Repair a Sprinkler Head

A single broken sprinkler head turns your lawn into a geography lesson—one section floods while another goes brown. The good news: sprinkler heads are modular, inexpensive, and built to be field-serviced. Most failures come down to three culprits: clogged filters that choke water flow, worn nozzles that spray erratically, or cracked risers that leak at the base. You can diagnose and fix any of these in under an hour with basic tools and a replacement part or two. The key is working methodically. Run the zone to see exactly how the head misbehaves, then shut off the system before you dig. Sprinkler heads thread onto risers or snap into funny-pipe fittings, so removal is straightforward once you expose the connection. Keep a bucket and some rags handy—there will be residual water in the line, and muddy hands are part of the deal. When you're done, the head should pop up cleanly, spray its intended radius, and retract without sticking.

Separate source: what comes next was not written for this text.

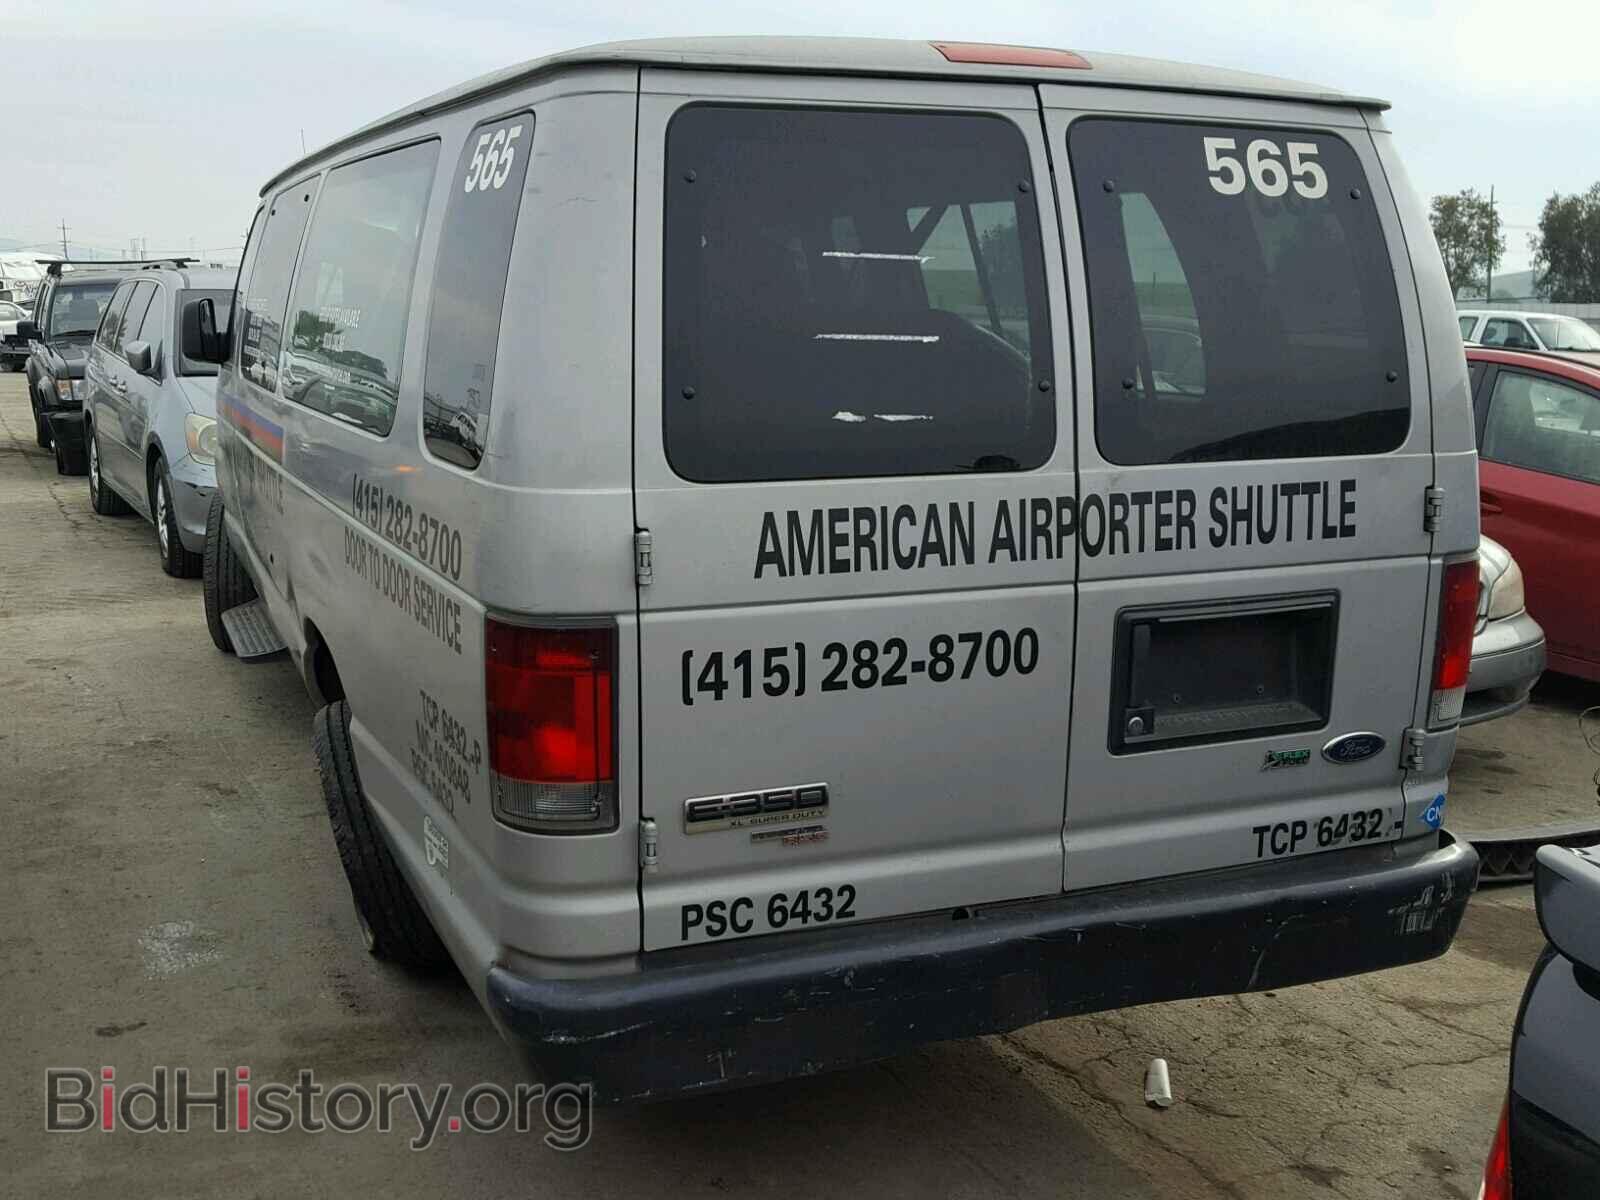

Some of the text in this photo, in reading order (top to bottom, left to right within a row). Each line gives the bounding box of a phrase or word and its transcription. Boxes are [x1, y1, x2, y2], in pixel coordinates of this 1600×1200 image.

  1. Run the zone and diagnose the problem. Turn on the irrigation zone that serves the faulty head and watch it operate. Note whether it fails to pop up, sprays unevenly, leaks at the base, or doesn't retract. Mark the head with a flag or stake so you can find it easily once the system is off.
  2. Shut off the system and dig around the head. Turn off the irrigation controller or close the zone valve. Use a trowel or small shovel to carefully excavate a six-inch radius around the sprinkler head, going down until you expose the riser or flex pipe connection. Work slowly to avoid damaging the fitting.
  3. Remove the sprinkler head. Grasp the head body firmly and unscrew it counterclockwise from the riser, or pull it straight up if it's press-fit into funny pipe. Expect water to drain from the line. If the head won't budge, use pliers with a rag to protect the plastic, but don't overtighten—if the riser is cracked, you'll make it worse.
  4. Inspect and clean the filter screen. Look inside the base of the sprinkler head for a small cylindrical filter screen. Pull it out with needle-nose pliers or your fingers and rinse it under a faucet to remove sand, roots, and mineral buildup. If the screen is torn or missing, replace it—they cost under a dollar and prevent future clogs.
  5. Replace the nozzle or entire head. If the spray pattern was uneven, unscrew the nozzle from the top of the head and replace it with a new one that matches the radius and arc you need. If the head body is cracked or the riser threads are stripped, replace the entire head unit. Match the brand and model if possible—most manufacturers use proprietary nozzles.
  6. Reinstall and adjust the head. Thread the head back onto the riser or press it into the funny pipe until snug. Adjust the spray arc using the adjustment collar or screw at the top of the head, following the manufacturer's markings. Make sure the head sits level with the soil surface so mower blades won't hit it.
  7. Test the repair and check for leaks. Turn the zone back on and watch the head operate through a full cycle. Confirm it pops up, sprays the correct pattern, and retracts fully. Check the base for leaks while the system is running. If water seeps around the connection, tighten the head another quarter turn.
  8. Backfill and restore the turf. Once the head operates correctly, shovel the soil back into the hole and tamp it down gently with your foot. Replace any sod you removed and water the area to settle the soil. The grass will recover in a week or two.